Penguicon 2017 Schedule

Next weekend, April 28-30 2017, I’ll be at Penguicon. Two weekends after that (12-14 May), I’ll be at Kansas LinuxFest. But we’re on Penguicon right now.

Here’s my events and the description for each. Each is 1 hour unless specified otherwise. And I’m asking your help for some of these events. (Updated to add the LN2 events, which I’m not running but a guy has to eat sometime.)

Friday:
8PM: LN2 Ice Cream
9PM: The OpenBSD Web Stack – OpenBSD is best known for security and networking. But they also have a highly secure web server and load balancer. This talk will take you through the OpenBSD web stack, presenting its strengths and disadvantages. We’ll cover the httpd web server, free globally valid SSL certificates through ACME, the Common Address Redundancy Protocol for two-server clusters, and the relayd load balancer. Many of the security issues common on web servers are simply not an issue on OpenBSD. Come find out why!

Saturday:
9 AM: Writers and Traditional Publishing – So you want to sell a book to a publisher. How do you do that? What should you expect? How do you optimize your chances of getting not just a deal, but the deal you want? What gets some people into traditional publishing, and keeps others out? Come hear authors discuss the good and bad of the publishing biz!

10-11:45AM: Author Meet & Read, Vol. 1 – A big room with Clif Flynt, Mary Lynne Gibbs, Jen Haeger, Christian Klaver, James Frederick Leach, David Erik Nelson, John Scalzi, Clarence Young, and myself, all showing off our books, talking to our readers, and signing books. I will have my books still in print for sale. I’m expecting that the others will all have long lines and I’ll be there alone, so this is your chance to heckle me in person.

10:54-11:03AM: reading from git commit murder – Readings are tightly scheduled, so I expect this to begin and end sharply on time.

1PM: self publishing in 2017 – Self-publishing is an increasingly important channel for authors to reach their readers. It also changes constantly, with new tools and distributors opening daily and existing platforms changing. This panel brings together veteran self-publishers to share their experiences, discuss the changes of the last year, and give new authors an edge in the business.

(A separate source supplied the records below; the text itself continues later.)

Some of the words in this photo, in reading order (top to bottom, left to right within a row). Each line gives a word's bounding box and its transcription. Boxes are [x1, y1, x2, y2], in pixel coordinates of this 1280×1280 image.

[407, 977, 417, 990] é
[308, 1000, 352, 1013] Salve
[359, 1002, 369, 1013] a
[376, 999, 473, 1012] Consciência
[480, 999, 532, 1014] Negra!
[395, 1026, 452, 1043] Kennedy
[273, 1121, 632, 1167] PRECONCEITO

2PM: 90 second reads – Join a handful of Penguicon authors as they read 90-second passages from their novels. The selections will be thematically linked based on keywords, such as sorrow, fury, funny, love, etc. Timing is crucial! After, there will be a Q&A with the authors.

3PM: LN2 ice cream

5PM: Writing High-Performance Nonfiction – Writing nonfiction is not merely reciting facts. It’s a specialized form of storytelling, very different from your college essays and book reports. Whether you’re writing memoirs or computer texts, using storytelling techniques transforms your work for the better. This talk takes you through making your nonfiction not only readable, but memorable.

7PM: BSD Operating Systems in 2017 – I’ll be discussing the current options in BSD-based operating systems, the big news from recent projects, new developments, and where we’re going from here.

8-10PM: LN2 ice cream

Sunday:

10AM: breakfast – LN2 ice cream

11AM: Senior Sysadmin Panel – Storage – The years know things that the days and weeks never know. We’ve gathered half a dozen people who’ve been sysadmins for over 20 years to talk about the one of the most dreaded and annoying topics in computing: storage.

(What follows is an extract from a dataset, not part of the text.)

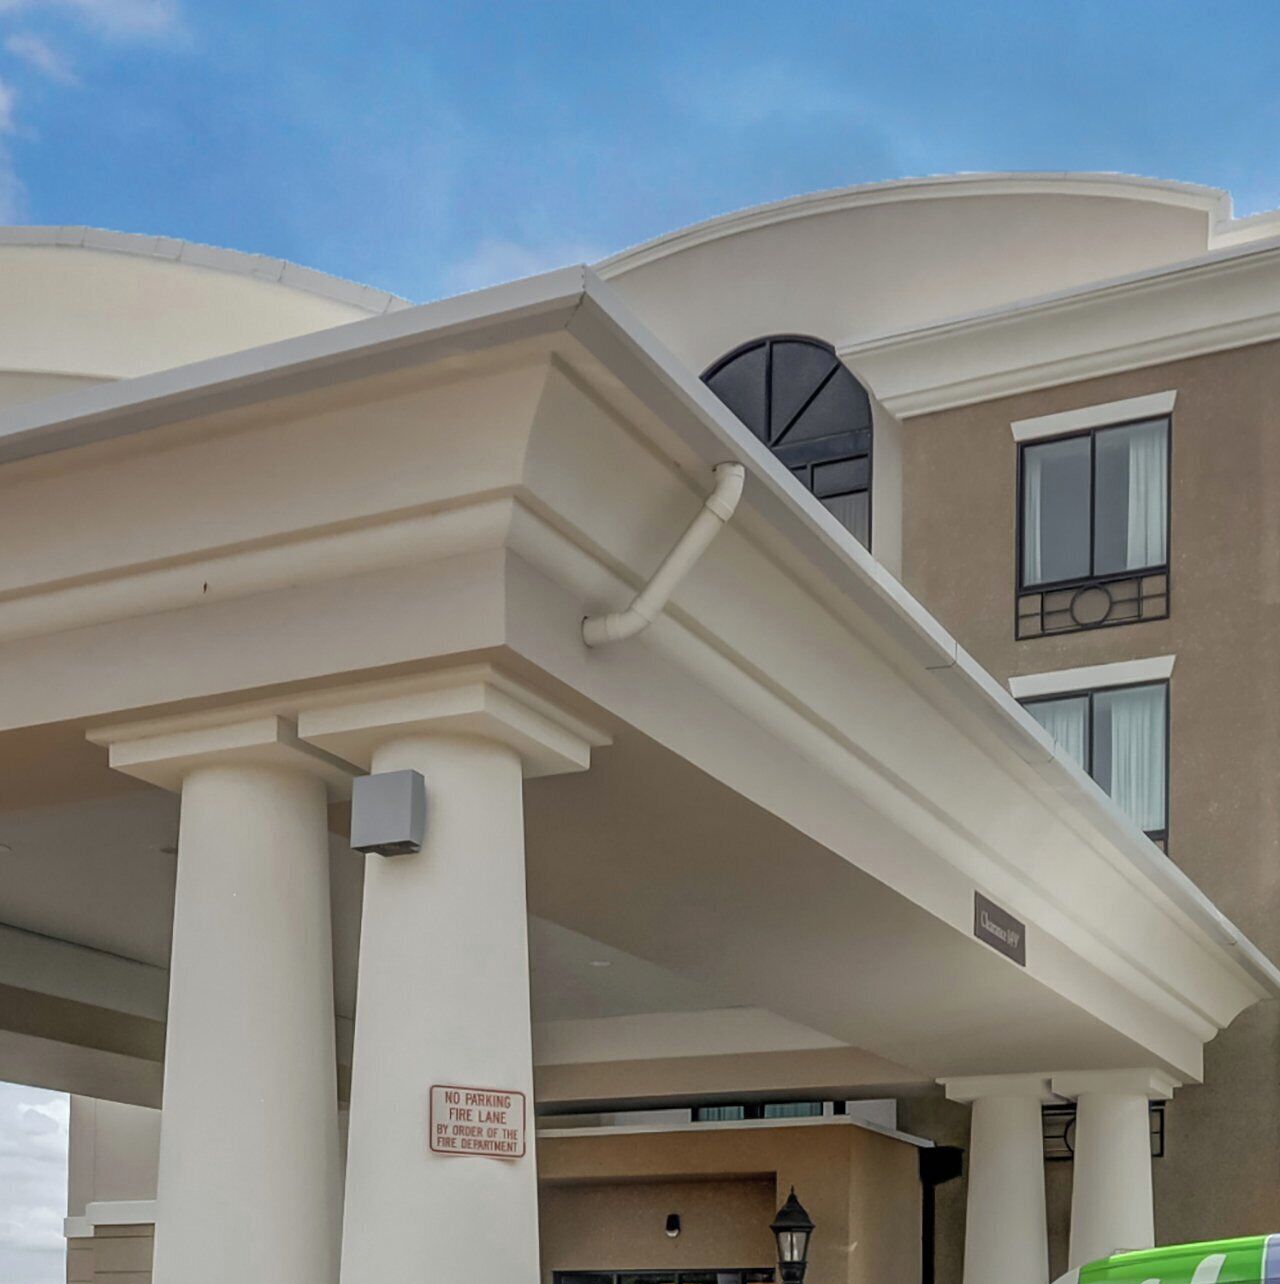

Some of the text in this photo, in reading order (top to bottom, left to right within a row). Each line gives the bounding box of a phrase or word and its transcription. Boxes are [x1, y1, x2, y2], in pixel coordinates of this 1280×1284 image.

[445, 1091, 511, 1109] NO PARKING
[449, 1107, 507, 1124] FIRE LANE
[437, 1123, 518, 1140] BY ORDER OF THE
[437, 1136, 518, 1153] FIRE DEPARTMENT

12PM: Self-Promotion for Creatives – Independent creators are their own PR departments. We have to not only make all the things, we have to spread the word about all the things. Here we have a bunch of artists and writer types who successfully spread their work across the world. What works? What doesn’t? How can you be shamelessly self-promoting without being a jerk? Come find out!

Where could I use help?

In the 90 second reads panel, I get a few 90 second periods to read a selection from my fiction. Each read should have a theme. Our group has four themes: Betrayal, Heartbreaking, Scary, Funny.

For those of you who have read my fiction: I could use suggestions for parts of my books that you thought fit these themes. I have a few thoughts, but what I think fits a theme is probably not what struck you lot as fitting that theme.

So: if you’ve read my fiction, what of mine would you suggest for a brief reading in any or all of those themes?